Trata-se, portanto, de discussão jurídica evidente sobre a competência da ANTAQ (cujas competências estão definidas na Lei n. 10.233/01) para empreender tal alteração normativa em comparação com a Lei n. 9.432/97, que regula o transporte aquaviário no Brasil.
Apesar da competência regulamentar da ANTAQ prevista no art. 27 da Lei n. 10.233/01, parece evidente que esta não conferiu à agência a possibilidade de alterar a política de transporte aquaviário no Brasil – que é definida pelo Poder Legislativo via lei ordinária –, resguardando-se assim a norma legal que obriga o afretamento por empresa brasileira de navegação (EBN) para a empresa estrangeira participar do mercado nacional.
Isso porque, em primeiro lugar, as FSRUs são embarcações de acordo com o conceito da Lei n. 9.537/97, que define tais estruturas como “qualquer construção, inclusive as plataformas flutuantes e, quando rebocadas, as fixas, sujeita a inscrição na autoridade marítima e suscetível de se locomover na água, por meios próprios ou não, transportando pessoas ou cargas”. Esses equipamentos são flutuantes e possuem propulsão própria.

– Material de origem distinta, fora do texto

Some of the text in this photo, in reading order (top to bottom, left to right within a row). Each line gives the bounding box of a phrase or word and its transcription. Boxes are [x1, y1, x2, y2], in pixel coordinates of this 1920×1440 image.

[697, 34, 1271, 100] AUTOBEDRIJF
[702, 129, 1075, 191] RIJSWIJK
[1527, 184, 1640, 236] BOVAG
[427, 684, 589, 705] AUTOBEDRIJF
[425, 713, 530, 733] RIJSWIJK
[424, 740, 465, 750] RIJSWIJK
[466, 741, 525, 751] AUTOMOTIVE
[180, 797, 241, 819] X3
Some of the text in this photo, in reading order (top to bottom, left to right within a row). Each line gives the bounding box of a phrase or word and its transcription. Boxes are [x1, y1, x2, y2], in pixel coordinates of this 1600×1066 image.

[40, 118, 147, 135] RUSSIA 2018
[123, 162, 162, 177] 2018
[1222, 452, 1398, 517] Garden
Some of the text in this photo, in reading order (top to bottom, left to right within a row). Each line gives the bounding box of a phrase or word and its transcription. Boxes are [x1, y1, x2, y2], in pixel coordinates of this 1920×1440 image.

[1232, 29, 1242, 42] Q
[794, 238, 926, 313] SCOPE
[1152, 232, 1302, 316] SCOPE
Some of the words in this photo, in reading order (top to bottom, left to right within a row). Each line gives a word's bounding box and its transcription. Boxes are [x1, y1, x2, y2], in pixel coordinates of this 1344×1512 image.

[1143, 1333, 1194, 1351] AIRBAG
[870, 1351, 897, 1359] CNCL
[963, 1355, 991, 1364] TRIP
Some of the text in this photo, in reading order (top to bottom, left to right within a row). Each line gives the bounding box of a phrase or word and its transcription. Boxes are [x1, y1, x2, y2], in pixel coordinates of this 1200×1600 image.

Além disso, a ANTAQ classifica tais embarcações como de cabotagem, o que reforça sua obrigatória obediência ao art. 7º mencionado.
Não fossem classificadas como de cabotagem, forçosamente deveriam ser classificadas como de apoio portuário, pois realizam “navegação exclusivamente nos portos e terminais aquaviários, para atendimento a embarcações e instalações portuárias” conforme a definição do inciso VII do art. 2º da Lei n. 9.432/97. Deveriam, assim, também obedecer a norma do art. 7º mencionado.
Não quis o legislador ordinário excetuar da obrigação de afretamento com empresa brasileira as embarcações do tipo FSRU. As únicas exceções para a regra do afretamento previstas na lei em questão são por tipo de embarcação (navios de guerra, pesquisa científica, embarcações de recreio, pesca e turismo) e em razão de acordos internacionais.
Dessa forma, observa-se que a RN-ANTAQ 13/16 extrapolou o poder regulamentar da agência, invadindo a competência do Poder Legislativo ao criar exceção à exigência de afretamento de FSRUs estrangeiras, distinção que a lei não somente evitou fazer, mas listou exaustivamente as embarcações excluídas do efeito da regra.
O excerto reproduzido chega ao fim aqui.